Como qualquer actividade que utiliza produtos de origem humana, estas técnicas implicam um risco de complicações específicas ligadas, em particular, à transmissão de doenças infecciosas. Comportam uma dimensão ética particular ligada à origem dos enxertos e, designadamente, ao respeito do consentimento dos dadores, do anonimato e do carácter gratuito da dádiva.

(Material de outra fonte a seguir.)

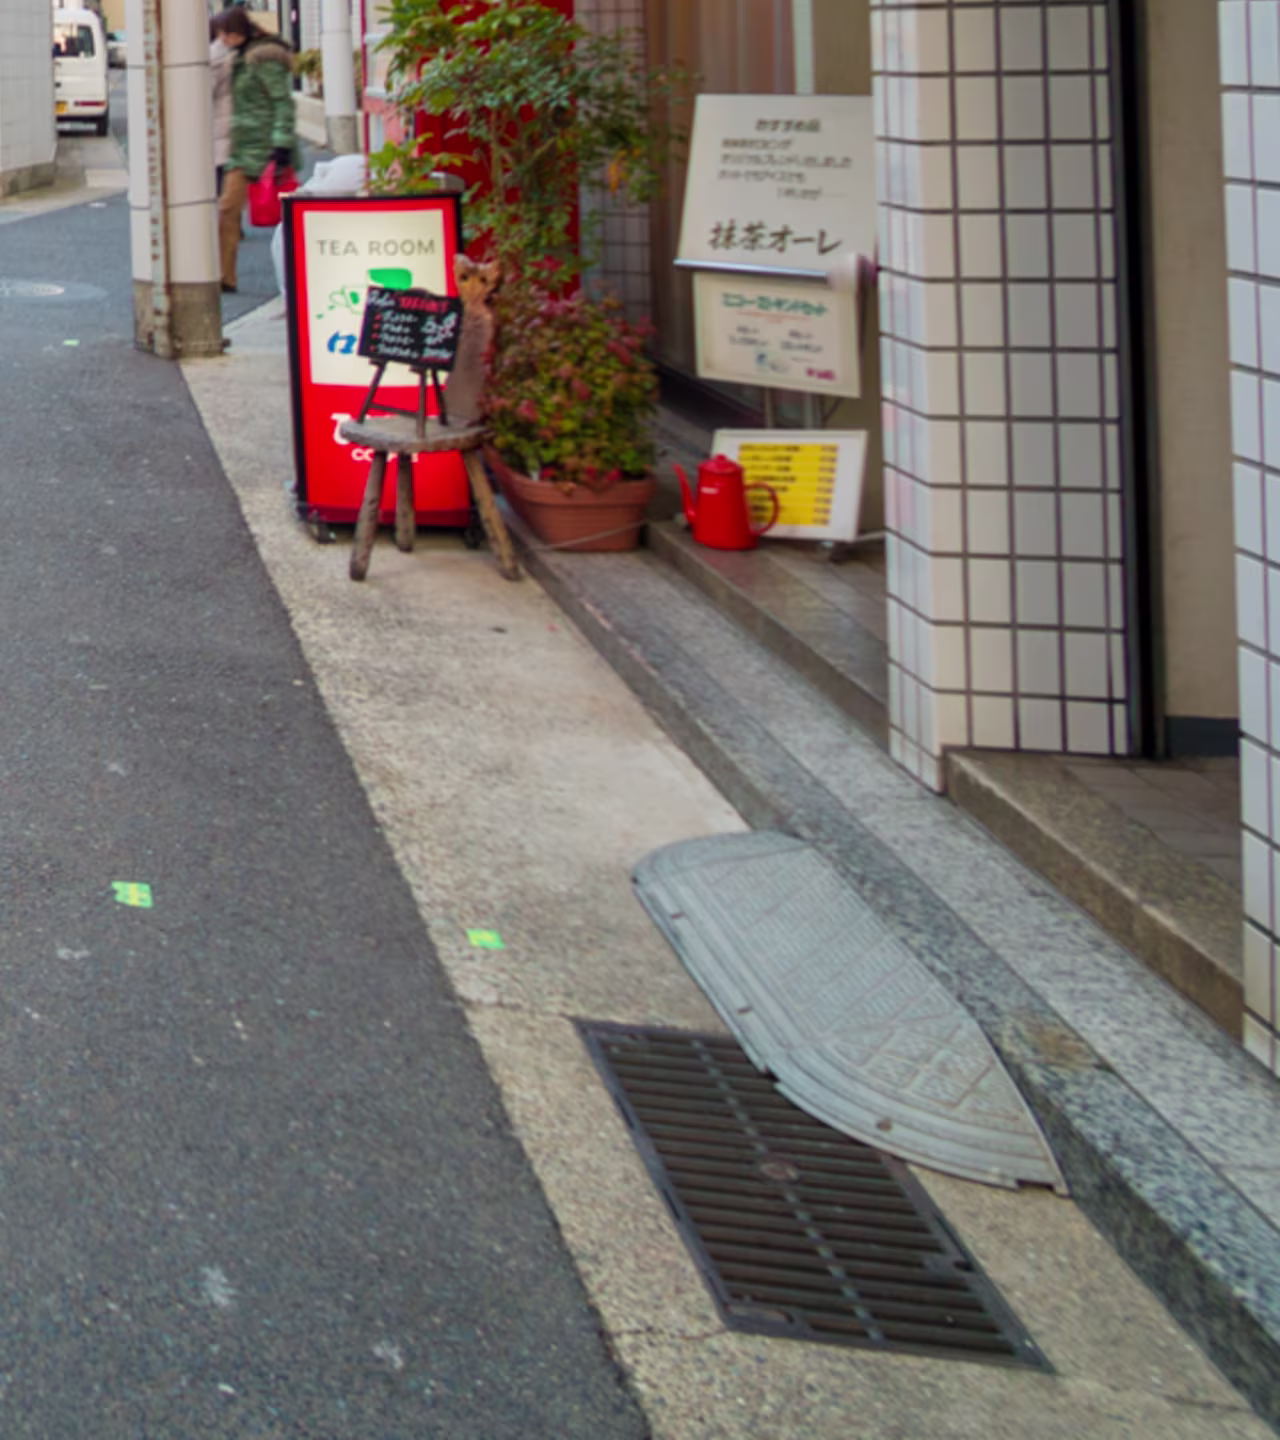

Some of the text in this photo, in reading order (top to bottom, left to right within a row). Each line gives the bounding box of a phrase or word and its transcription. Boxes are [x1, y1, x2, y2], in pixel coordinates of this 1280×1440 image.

[316, 238, 436, 257] TEA ROOM
[708, 219, 842, 255] 抹茶オーレ
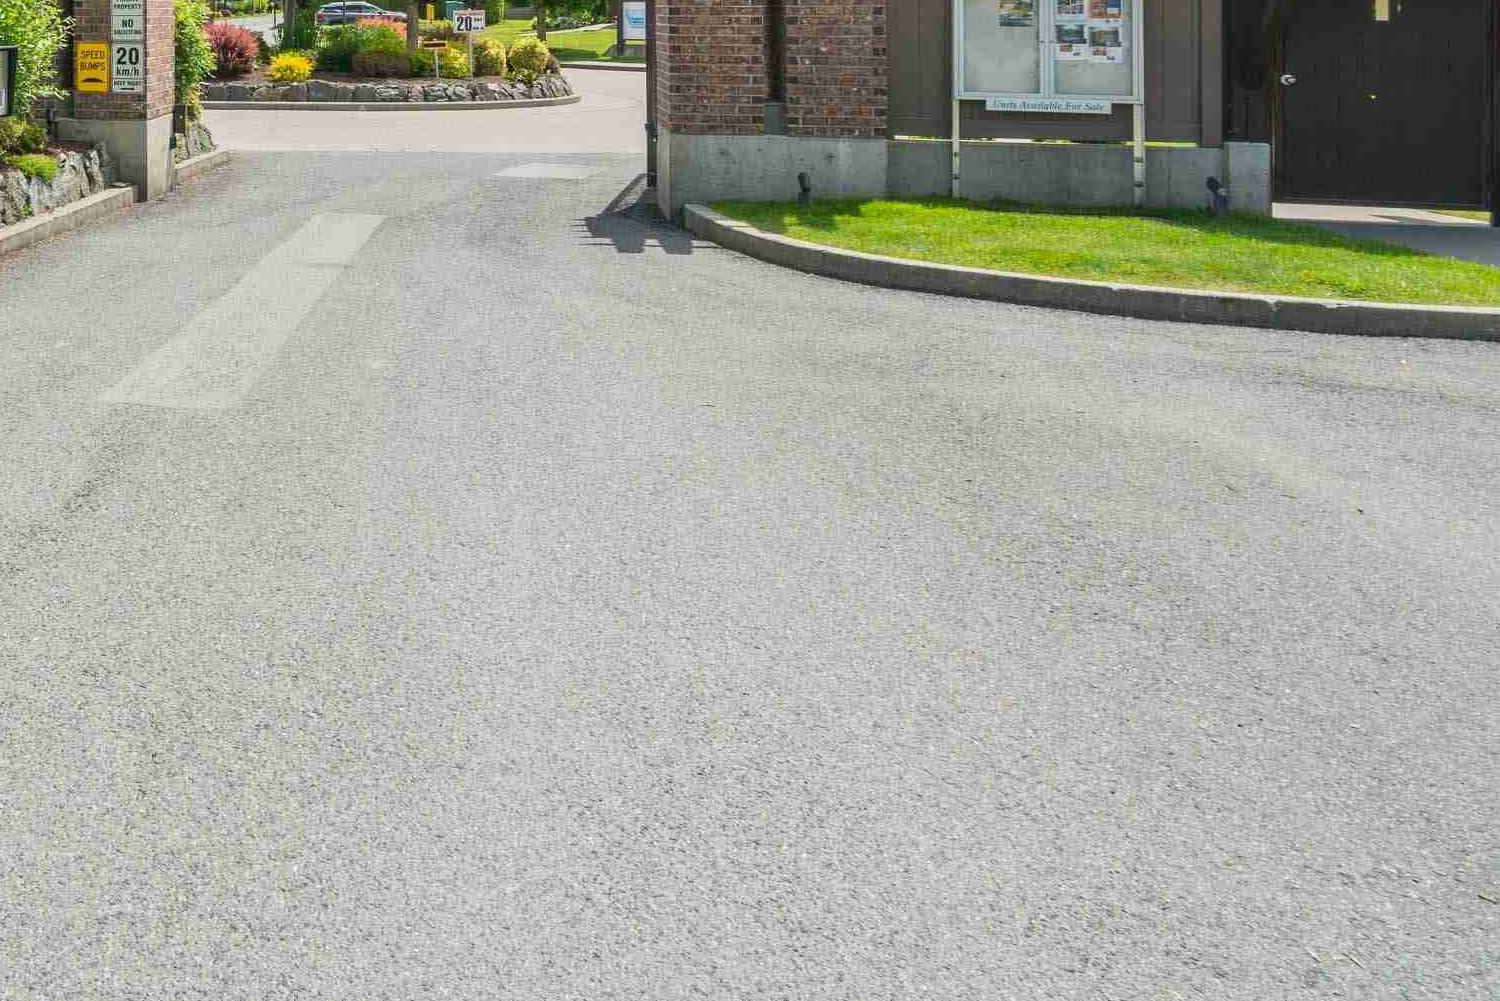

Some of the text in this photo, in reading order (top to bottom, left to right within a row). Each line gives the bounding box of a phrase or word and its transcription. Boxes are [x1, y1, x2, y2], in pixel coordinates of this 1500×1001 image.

1.4.4. Relativamente à segurança, impõem-se as seguintes observações:

- Não pode ser descurada a incidência de casos detectados. Mesmo que o risco seja mínimo em relação a outras patologias, é comparável ao risco que conduziu à recolha ou retirada do mercado de produtos derivados do sangue.

- O desenvolvimento de novas biotecnologias acelera as trocas, mas aumenta os riscos em cadeia. Surgem obstáculos cada vez mais difíceis de ultrapassar por força das regulamentações dos Estados-Membros.

- As solicitações das populações sensibilizadas pelo caso do sangue contaminado e da doença de Creutsfeld-Jacob são maiores, designadamente, por causa da mediatização cada vez maior dos assuntos relacionados com a saúde.

2. Arquitectura da regulamentação

2.1. Na introdução da exposição de motivos, o Comité Económico e Social Europeu (CESE) aprova que a Comissão proponha uma regulamentação forte mas flexível, que permita uma regulamentação comunitária específica para todos os sectores e que garanta, sobretudo, um nível elevado de protecção da saúde em matéria de qualidade e segurança, em conformidade com o disposto no artigo 152.o do Tratado, tanto mais que estão em jogo questões éticas muito vastas.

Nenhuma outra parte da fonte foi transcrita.